SUPPLIED ENTRIES:
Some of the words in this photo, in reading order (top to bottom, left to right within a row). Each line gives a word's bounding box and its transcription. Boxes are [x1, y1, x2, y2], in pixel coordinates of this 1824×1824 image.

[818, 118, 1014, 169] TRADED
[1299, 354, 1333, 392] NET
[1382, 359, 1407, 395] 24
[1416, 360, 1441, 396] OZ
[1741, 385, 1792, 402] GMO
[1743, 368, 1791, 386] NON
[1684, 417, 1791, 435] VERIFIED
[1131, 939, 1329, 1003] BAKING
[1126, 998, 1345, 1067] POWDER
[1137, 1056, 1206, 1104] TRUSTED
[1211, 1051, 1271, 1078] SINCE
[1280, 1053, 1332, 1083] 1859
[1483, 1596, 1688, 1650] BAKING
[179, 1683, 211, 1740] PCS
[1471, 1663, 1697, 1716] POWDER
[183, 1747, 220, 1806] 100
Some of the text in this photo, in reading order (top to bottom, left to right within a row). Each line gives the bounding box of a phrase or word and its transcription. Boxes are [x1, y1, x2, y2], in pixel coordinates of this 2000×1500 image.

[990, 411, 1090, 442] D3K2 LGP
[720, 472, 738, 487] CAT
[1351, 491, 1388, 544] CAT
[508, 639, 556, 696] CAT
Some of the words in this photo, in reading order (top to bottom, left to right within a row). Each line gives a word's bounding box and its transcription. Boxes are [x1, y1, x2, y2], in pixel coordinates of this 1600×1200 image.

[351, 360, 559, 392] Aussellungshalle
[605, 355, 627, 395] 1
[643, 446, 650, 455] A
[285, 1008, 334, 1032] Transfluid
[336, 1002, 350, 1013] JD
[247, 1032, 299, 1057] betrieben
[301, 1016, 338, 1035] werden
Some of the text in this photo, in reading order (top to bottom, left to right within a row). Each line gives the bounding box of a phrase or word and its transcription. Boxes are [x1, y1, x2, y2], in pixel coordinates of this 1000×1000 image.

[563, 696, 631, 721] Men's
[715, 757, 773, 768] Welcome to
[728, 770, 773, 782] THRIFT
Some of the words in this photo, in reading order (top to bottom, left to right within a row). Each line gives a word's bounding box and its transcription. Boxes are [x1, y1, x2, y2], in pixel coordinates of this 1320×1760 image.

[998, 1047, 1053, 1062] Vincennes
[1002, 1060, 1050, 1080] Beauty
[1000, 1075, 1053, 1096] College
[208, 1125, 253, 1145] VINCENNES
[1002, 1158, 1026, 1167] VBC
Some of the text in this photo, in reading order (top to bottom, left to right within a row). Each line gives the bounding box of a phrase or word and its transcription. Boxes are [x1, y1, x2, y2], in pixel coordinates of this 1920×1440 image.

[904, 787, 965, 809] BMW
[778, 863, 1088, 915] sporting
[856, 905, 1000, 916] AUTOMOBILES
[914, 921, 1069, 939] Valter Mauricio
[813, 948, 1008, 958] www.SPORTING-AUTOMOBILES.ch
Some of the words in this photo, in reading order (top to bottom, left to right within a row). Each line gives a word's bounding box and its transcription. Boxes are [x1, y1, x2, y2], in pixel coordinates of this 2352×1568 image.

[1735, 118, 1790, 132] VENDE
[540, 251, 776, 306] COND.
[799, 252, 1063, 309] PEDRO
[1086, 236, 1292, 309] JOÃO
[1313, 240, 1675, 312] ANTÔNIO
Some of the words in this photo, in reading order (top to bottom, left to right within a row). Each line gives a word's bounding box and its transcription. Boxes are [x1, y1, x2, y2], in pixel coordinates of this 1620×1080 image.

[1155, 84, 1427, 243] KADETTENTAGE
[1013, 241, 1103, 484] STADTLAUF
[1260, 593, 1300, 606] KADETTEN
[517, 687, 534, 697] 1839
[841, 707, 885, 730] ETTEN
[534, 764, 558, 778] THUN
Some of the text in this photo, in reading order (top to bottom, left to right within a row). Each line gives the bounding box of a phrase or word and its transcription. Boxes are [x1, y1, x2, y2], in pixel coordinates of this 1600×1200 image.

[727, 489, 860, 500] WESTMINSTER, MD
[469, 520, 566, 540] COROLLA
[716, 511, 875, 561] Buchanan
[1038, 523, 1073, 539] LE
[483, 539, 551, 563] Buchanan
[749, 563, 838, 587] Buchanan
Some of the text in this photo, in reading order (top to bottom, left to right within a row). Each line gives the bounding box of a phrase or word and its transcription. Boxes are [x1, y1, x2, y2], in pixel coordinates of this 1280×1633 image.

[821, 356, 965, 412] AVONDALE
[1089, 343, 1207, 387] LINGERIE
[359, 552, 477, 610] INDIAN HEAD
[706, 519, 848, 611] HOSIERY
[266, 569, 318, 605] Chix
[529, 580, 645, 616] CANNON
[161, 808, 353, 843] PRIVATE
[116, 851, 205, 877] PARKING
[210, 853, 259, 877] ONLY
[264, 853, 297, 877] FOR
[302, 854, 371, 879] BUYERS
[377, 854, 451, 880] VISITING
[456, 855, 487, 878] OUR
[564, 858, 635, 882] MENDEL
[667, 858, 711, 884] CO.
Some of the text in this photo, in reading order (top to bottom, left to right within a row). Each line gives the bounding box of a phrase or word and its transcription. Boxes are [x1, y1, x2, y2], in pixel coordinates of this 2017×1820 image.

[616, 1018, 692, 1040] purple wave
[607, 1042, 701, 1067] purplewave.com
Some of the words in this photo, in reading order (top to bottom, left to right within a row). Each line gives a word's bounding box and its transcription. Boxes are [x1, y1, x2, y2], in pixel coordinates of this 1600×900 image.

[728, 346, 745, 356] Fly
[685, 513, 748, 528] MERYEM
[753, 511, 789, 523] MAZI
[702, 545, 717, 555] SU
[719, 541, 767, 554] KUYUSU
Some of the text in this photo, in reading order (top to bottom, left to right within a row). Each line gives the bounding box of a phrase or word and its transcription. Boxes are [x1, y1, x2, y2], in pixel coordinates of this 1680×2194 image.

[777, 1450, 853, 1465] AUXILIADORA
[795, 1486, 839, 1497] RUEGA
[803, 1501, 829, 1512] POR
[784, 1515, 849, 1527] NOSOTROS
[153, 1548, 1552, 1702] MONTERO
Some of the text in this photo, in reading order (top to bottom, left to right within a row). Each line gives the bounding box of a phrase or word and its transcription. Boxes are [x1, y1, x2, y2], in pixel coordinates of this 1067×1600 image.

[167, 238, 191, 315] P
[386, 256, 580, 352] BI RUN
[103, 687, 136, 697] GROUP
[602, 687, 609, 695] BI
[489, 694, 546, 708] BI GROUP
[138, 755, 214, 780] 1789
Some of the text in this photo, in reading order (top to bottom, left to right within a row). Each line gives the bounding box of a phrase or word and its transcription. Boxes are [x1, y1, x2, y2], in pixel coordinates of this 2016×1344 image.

TASK TO CARRY OUT: Write the entries out again, exactly and completely.

SOLUTION TO THE EXERCISE:
Some of the words in this photo, in reading order (top to bottom, left to right within a row). Each line gives a word's bounding box and its transcription. Boxes are [x1, y1, x2, y2], in pixel coordinates of this 1824×1824 image.

[818, 118, 1014, 169] TRADED
[1299, 354, 1333, 392] NET
[1382, 359, 1407, 395] 24
[1416, 360, 1441, 396] OZ
[1741, 385, 1792, 402] GMO
[1743, 368, 1791, 386] NON
[1684, 417, 1791, 435] VERIFIED
[1131, 939, 1329, 1003] BAKING
[1126, 998, 1345, 1067] POWDER
[1137, 1056, 1206, 1104] TRUSTED
[1211, 1051, 1271, 1078] SINCE
[1280, 1053, 1332, 1083] 1859
[1483, 1596, 1688, 1650] BAKING
[179, 1683, 211, 1740] PCS
[1471, 1663, 1697, 1716] POWDER
[183, 1747, 220, 1806] 100
Some of the text in this photo, in reading order (top to bottom, left to right within a row). Each line gives the bounding box of a phrase or word and its transcription. Boxes are [x1, y1, x2, y2], in pixel coordinates of this 2000×1500 image.

[990, 411, 1090, 442] D3K2 LGP
[720, 472, 738, 487] CAT
[1351, 491, 1388, 544] CAT
[508, 639, 556, 696] CAT
Some of the words in this photo, in reading order (top to bottom, left to right within a row). Each line gives a word's bounding box and its transcription. Boxes are [x1, y1, x2, y2], in pixel coordinates of this 1600×1200 image.

[351, 360, 559, 392] Aussellungshalle
[605, 355, 627, 395] 1
[643, 446, 650, 455] A
[285, 1008, 334, 1032] Transfluid
[336, 1002, 350, 1013] JD
[247, 1032, 299, 1057] betrieben
[301, 1016, 338, 1035] werden
Some of the text in this photo, in reading order (top to bottom, left to right within a row). Each line gives the bounding box of a phrase or word and its transcription. Boxes are [x1, y1, x2, y2], in pixel coordinates of this 1000×1000 image.

[563, 696, 631, 721] Men's
[715, 757, 773, 768] Welcome to
[728, 770, 773, 782] THRIFT
Some of the words in this photo, in reading order (top to bottom, left to right within a row). Each line gives a word's bounding box and its transcription. Boxes are [x1, y1, x2, y2], in pixel coordinates of this 1320×1760 image.

[998, 1047, 1053, 1062] Vincennes
[1002, 1060, 1050, 1080] Beauty
[1000, 1075, 1053, 1096] College
[208, 1125, 253, 1145] VINCENNES
[1002, 1158, 1026, 1167] VBC
Some of the text in this photo, in reading order (top to bottom, left to right within a row). Each line gives the bounding box of a phrase or word and its transcription. Boxes are [x1, y1, x2, y2], in pixel coordinates of this 1920×1440 image.

[904, 787, 965, 809] BMW
[778, 863, 1088, 915] sporting
[856, 905, 1000, 916] AUTOMOBILES
[914, 921, 1069, 939] Valter Mauricio
[813, 948, 1008, 958] www.SPORTING-AUTOMOBILES.ch
Some of the words in this photo, in reading order (top to bottom, left to right within a row). Each line gives a word's bounding box and its transcription. Boxes are [x1, y1, x2, y2], in pixel coordinates of this 2352×1568 image.

[1735, 118, 1790, 132] VENDE
[540, 251, 776, 306] COND.
[799, 252, 1063, 309] PEDRO
[1086, 236, 1292, 309] JOÃO
[1313, 240, 1675, 312] ANTÔNIO
Some of the words in this photo, in reading order (top to bottom, left to right within a row). Each line gives a word's bounding box and its transcription. Boxes are [x1, y1, x2, y2], in pixel coordinates of this 1620×1080 image.

[1155, 84, 1427, 243] KADETTENTAGE
[1013, 241, 1103, 484] STADTLAUF
[1260, 593, 1300, 606] KADETTEN
[517, 687, 534, 697] 1839
[841, 707, 885, 730] ETTEN
[534, 764, 558, 778] THUN
Some of the text in this photo, in reading order (top to bottom, left to right within a row). Each line gives the bounding box of a phrase or word and its transcription. Boxes are [x1, y1, x2, y2], in pixel coordinates of this 1600×1200 image.

[727, 489, 860, 500] WESTMINSTER, MD
[469, 520, 566, 540] COROLLA
[716, 511, 875, 561] Buchanan
[1038, 523, 1073, 539] LE
[483, 539, 551, 563] Buchanan
[749, 563, 838, 587] Buchanan
Some of the text in this photo, in reading order (top to bottom, left to right within a row). Each line gives the bounding box of a phrase or word and its transcription. Boxes are [x1, y1, x2, y2], in pixel coordinates of this 1280×1633 image.

[821, 356, 965, 412] AVONDALE
[1089, 343, 1207, 387] LINGERIE
[359, 552, 477, 610] INDIAN HEAD
[706, 519, 848, 611] HOSIERY
[266, 569, 318, 605] Chix
[529, 580, 645, 616] CANNON
[161, 808, 353, 843] PRIVATE
[116, 851, 205, 877] PARKING
[210, 853, 259, 877] ONLY
[264, 853, 297, 877] FOR
[302, 854, 371, 879] BUYERS
[377, 854, 451, 880] VISITING
[456, 855, 487, 878] OUR
[564, 858, 635, 882] MENDEL
[667, 858, 711, 884] CO.
Some of the text in this photo, in reading order (top to bottom, left to right within a row). Each line gives the bounding box of a phrase or word and its transcription. Boxes are [x1, y1, x2, y2], in pixel coordinates of this 2017×1820 image.

[616, 1018, 692, 1040] purple wave
[607, 1042, 701, 1067] purplewave.com
Some of the words in this photo, in reading order (top to bottom, left to right within a row). Each line gives a word's bounding box and its transcription. Boxes are [x1, y1, x2, y2], in pixel coordinates of this 1600×900 image.

[728, 346, 745, 356] Fly
[685, 513, 748, 528] MERYEM
[753, 511, 789, 523] MAZI
[702, 545, 717, 555] SU
[719, 541, 767, 554] KUYUSU
Some of the text in this photo, in reading order (top to bottom, left to right within a row). Each line gives the bounding box of a phrase or word and its transcription. Boxes are [x1, y1, x2, y2], in pixel coordinates of this 1680×2194 image.

[777, 1450, 853, 1465] AUXILIADORA
[795, 1486, 839, 1497] RUEGA
[803, 1501, 829, 1512] POR
[784, 1515, 849, 1527] NOSOTROS
[153, 1548, 1552, 1702] MONTERO
Some of the text in this photo, in reading order (top to bottom, left to right within a row). Each line gives the bounding box of a phrase or word and its transcription. Boxes are [x1, y1, x2, y2], in pixel coordinates of this 1067×1600 image.

[167, 238, 191, 315] P
[386, 256, 580, 352] BI RUN
[103, 687, 136, 697] GROUP
[602, 687, 609, 695] BI
[489, 694, 546, 708] BI GROUP
[138, 755, 214, 780] 1789
Some of the text in this photo, in reading order (top to bottom, left to right within a row). Each line gives the bounding box of a phrase or word and its transcription. Boxes are [x1, y1, x2, y2], in pixel coordinates of this 2016×1344 image.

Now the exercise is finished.